El camino del compromiso se construye desde el empleado
José Luis Pascual,
Director de Desarrollo&Experiencia de Empleado de Lukkap
Desde que me inicie en el mundo de los RRHH, he tenido como una obsesión personal el dar respuesta al por qué una gran cantidad de empleados no está bien en sus trabajos.
Si, a nivel general, nos preguntamos sobre nuestro día a día, las respuestas tienden a ser generalmente negativas. No puedo dejar de pensar en la causa por la que algo tan importante dentro de nuestras vida, como es nuestro trabajo, nos provoca más dolor que felicidad, ya que al hablar de nuestro trabajo, estamos hablando de aproximadamente un 70% del tiempo semanal, mensual, anual o incluso vital. ¿Tiene sentido que algo a lo que dedicamos tanto tiempo y esfuerzo no nos satisfaga de manera generalizada?
A raíz de esto me surge otra duda. ¿No deberíamos ser los expertos en RRHH los que tratemos de dar con las respuestas adecuadas para cambiar esta realidad? Pues este es mi reto. Y no solo el mío, sino el de muchos de vosotros que, bien por voluntad o por necesidad, tenéis que veros diariamente con este gran dilema que provoca los principales problemas a los que nos enfrentamos actualmente: falta de compromiso, índices de rotación, escasos niveles de motivación, pérdida de impacto de nuestras marcas a la hora de atraer el talento, falta de interés y de iniciativa de nuestros empleados, agilidad con las que las nuevas generaciones salen de nuestras empresas o falta de respuestas o medios con las que creemos contar.
¿La solución? Por el momento, las compañías pioneras, ante esta necesidad, están implementando un nuevo modelo de gestión de personas en el que lo principal es poner al empleado en el centro; se llama “Experiencia de Empleado” y consiste en preguntar directamente a estos sobre las causas de su situación y crear respuestas desde los propios empleados, y no desde las creencias e hipótesis generadas desde las áreas de RRHH o las direcciones de las compañías.
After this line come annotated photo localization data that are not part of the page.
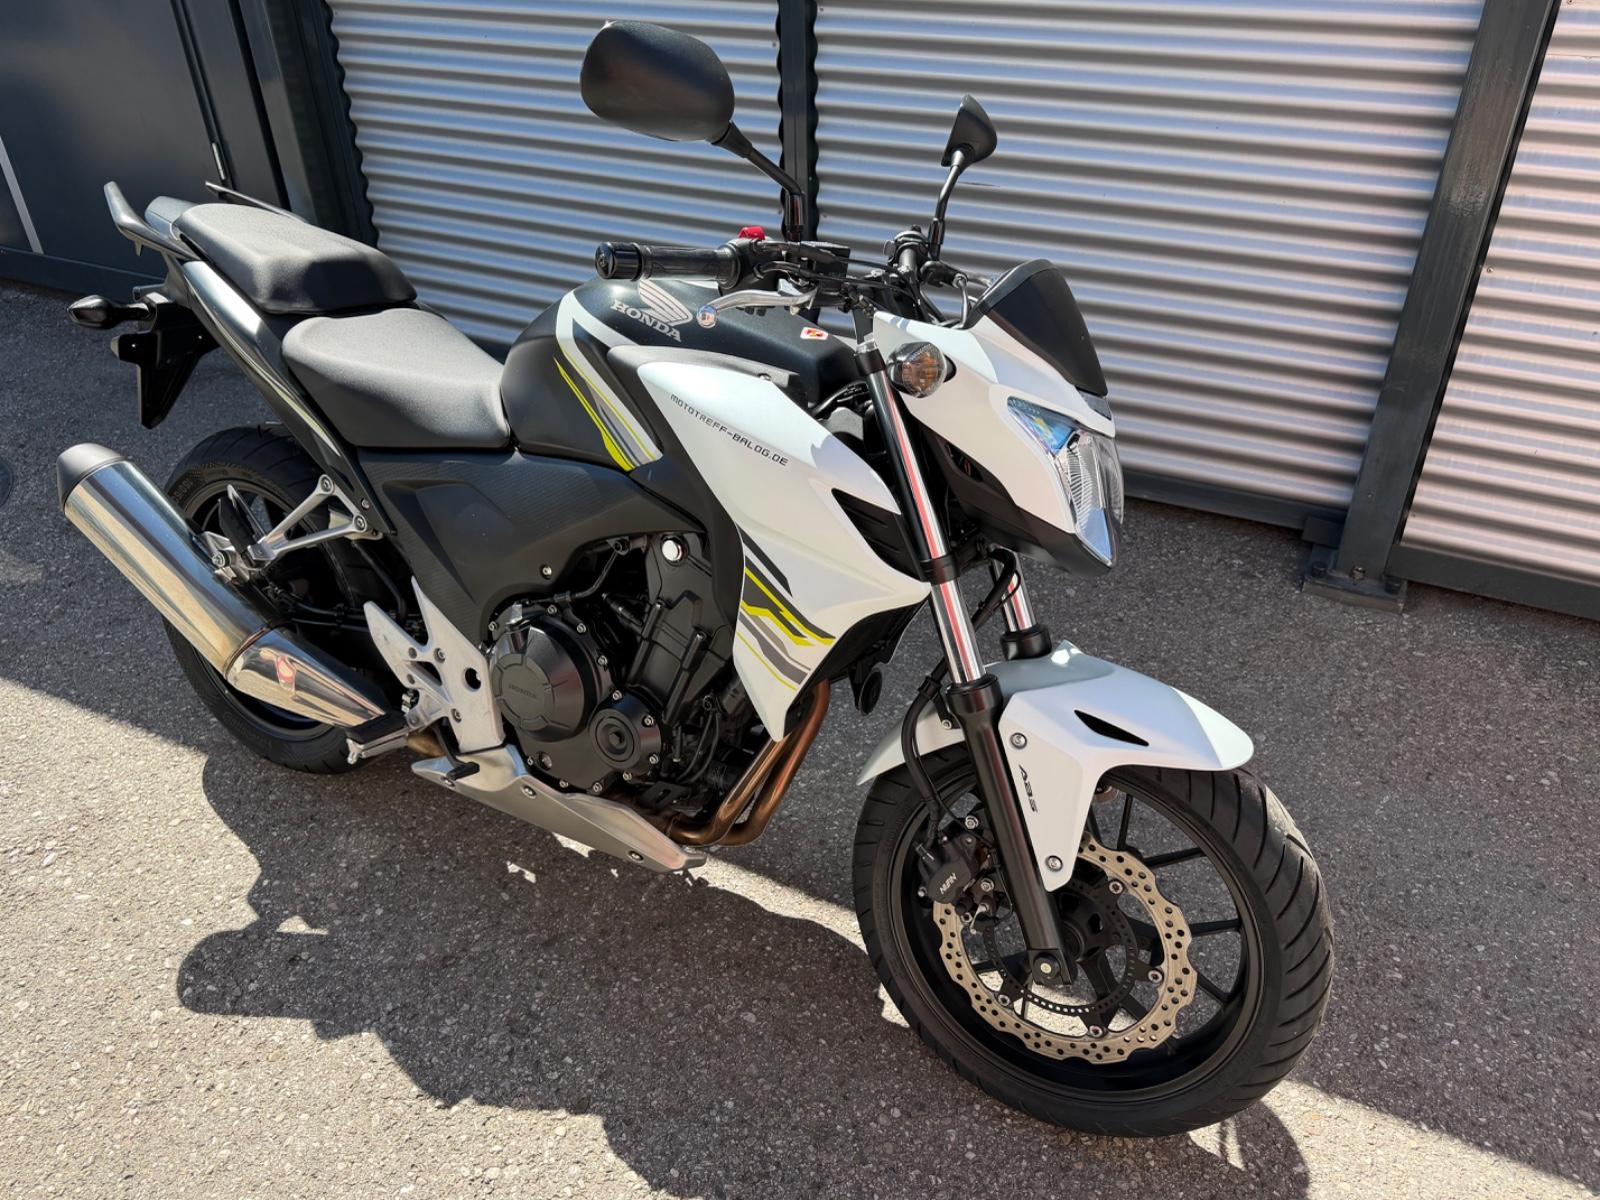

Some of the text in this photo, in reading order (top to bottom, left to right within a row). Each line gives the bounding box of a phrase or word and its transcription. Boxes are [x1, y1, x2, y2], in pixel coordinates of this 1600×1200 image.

[610, 298, 682, 342] HONDA
[670, 394, 789, 466] MOTOTREFF-BALOG.DE
[1018, 764, 1038, 812] ABS
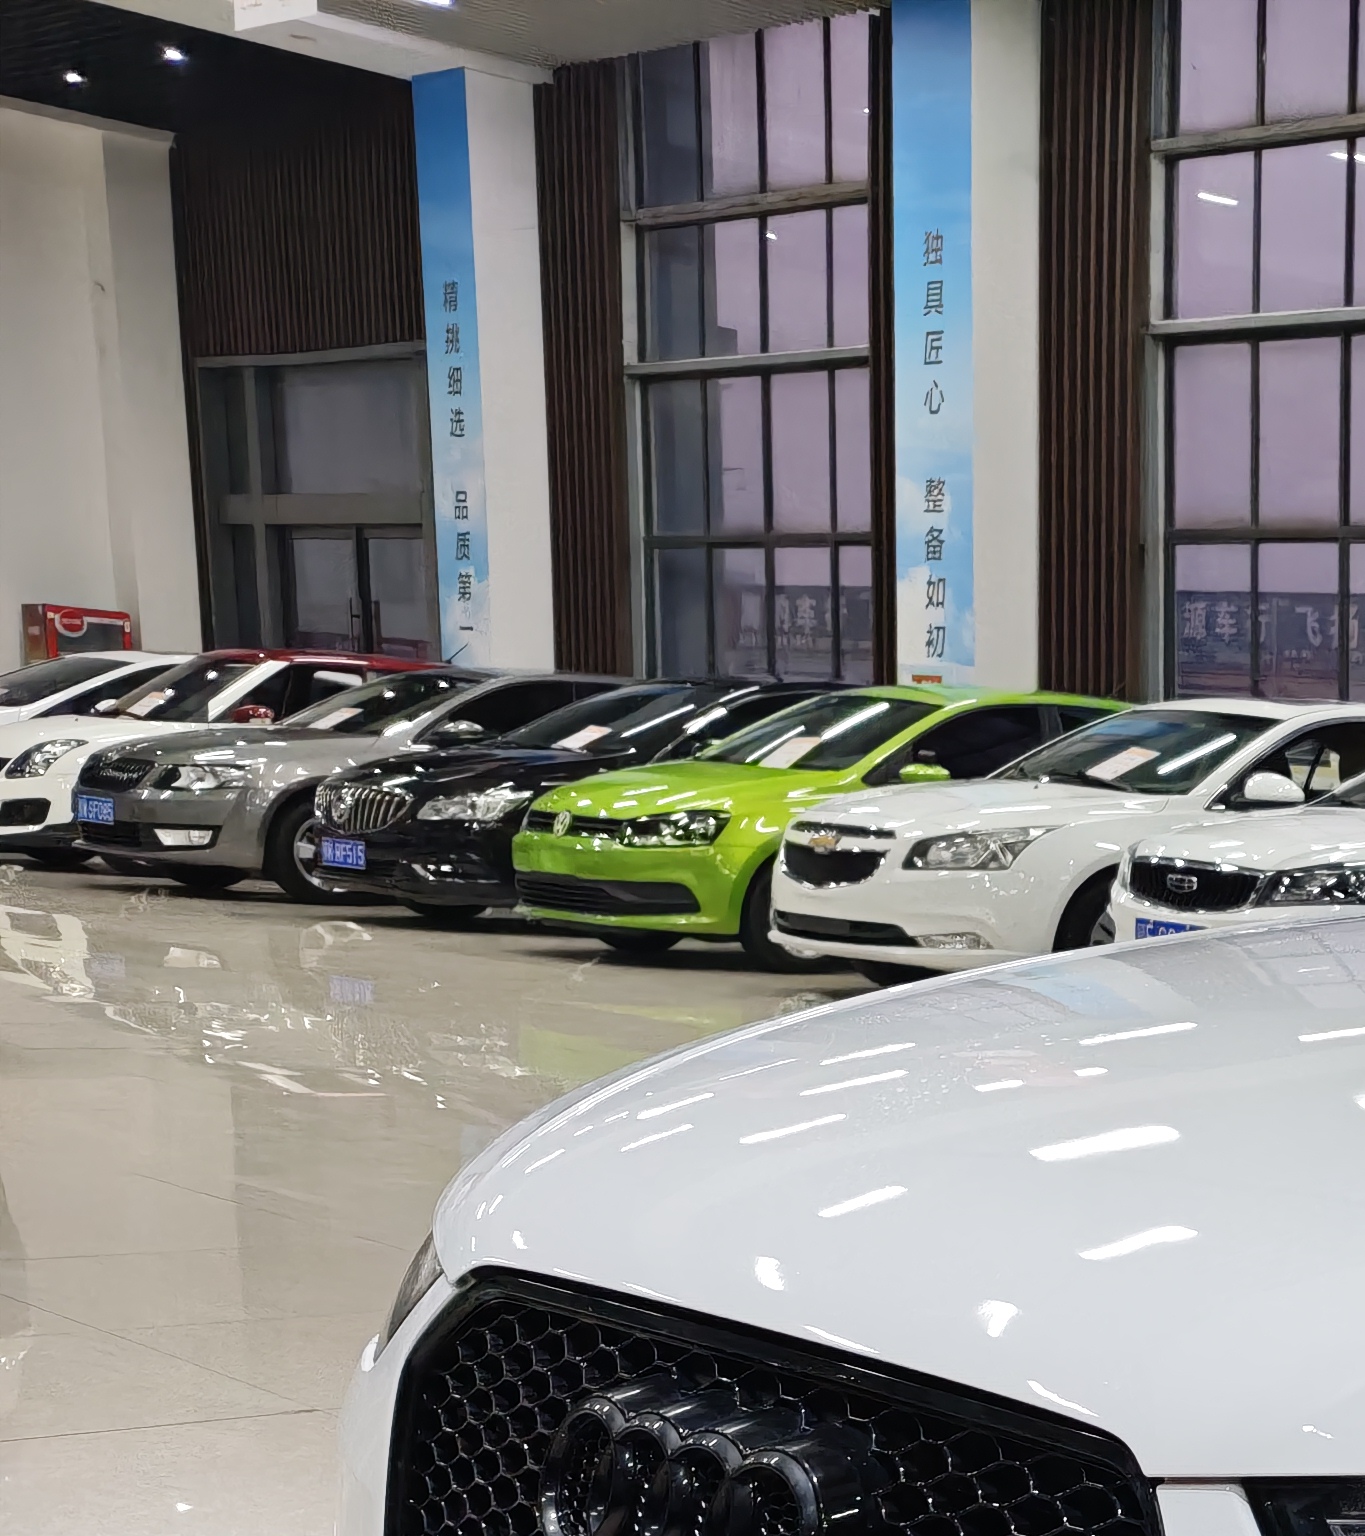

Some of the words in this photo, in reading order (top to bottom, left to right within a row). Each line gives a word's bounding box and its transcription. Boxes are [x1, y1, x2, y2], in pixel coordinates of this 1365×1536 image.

[922, 229, 945, 415] 独具匠心
[442, 280, 466, 438] 精挑细选
[454, 490, 475, 632] 品质第一
[923, 477, 946, 659] 整备如初
El principio básico para que la “Experiencia de Empleado” se esté convirtiendo en la solución, radica en partir del concepto de la propia relación entre la compañía y sus empleados como un recorrido formado por diferentes momentos de relación clave en los que, desde que un empleado se interesa por la compañía hasta que sale de la misma, vive y siente hechos (objetivos) y percepciones (subjetivas en función de las propias características y prioridades del propio empleado).
Sabemos que en algún momento la relación entre empresa y empleado termina por no cubrir las expectativas de este, y es ahí dónde empiezan a salir a la luz los problemas antes identificados. Pero ¿y si supiéramos qué vive y siente el empleado en cada momento y qué le gustaría vivir y sentir? Podríamos gestionar su experiencia para conseguir que la relación fuera algo diferencial, controlando su grado de compromiso y motivación y reduciendo, en gran medida, los principales retos actuales de la gestión de personas.
En parte, la gran ventaja de la gestión de la experiencia de los empleados es el poder hacer un zoom en los momentos clave de la relación, entendiendo momento a momento lo que está ocurriendo, pudiendo resolver los potenciales problemas antes de que se conviertan en insalvables.
Otra de las claves del modelo es el potente componente de medición y la gran cantidad de datos que nos aporta, lo que nos permite responder con agilidad ante las demandas de los empleados. Además, tener un modelo centrado en mediciones constantes y en datos casi inmediatos, nos permite estar a la altura del resto de las áreas de la organización y aportar al negocio desde la gestión de personas.
Es algo apasionante entender no únicamente el grado de compromiso o motivación de los empleados, sino lo que hace que en su día a día lo estén, en mayor o menor medida, y cómo poder trabajar con palancas reales y datos concretos para conseguir que su experiencia sea diferencial.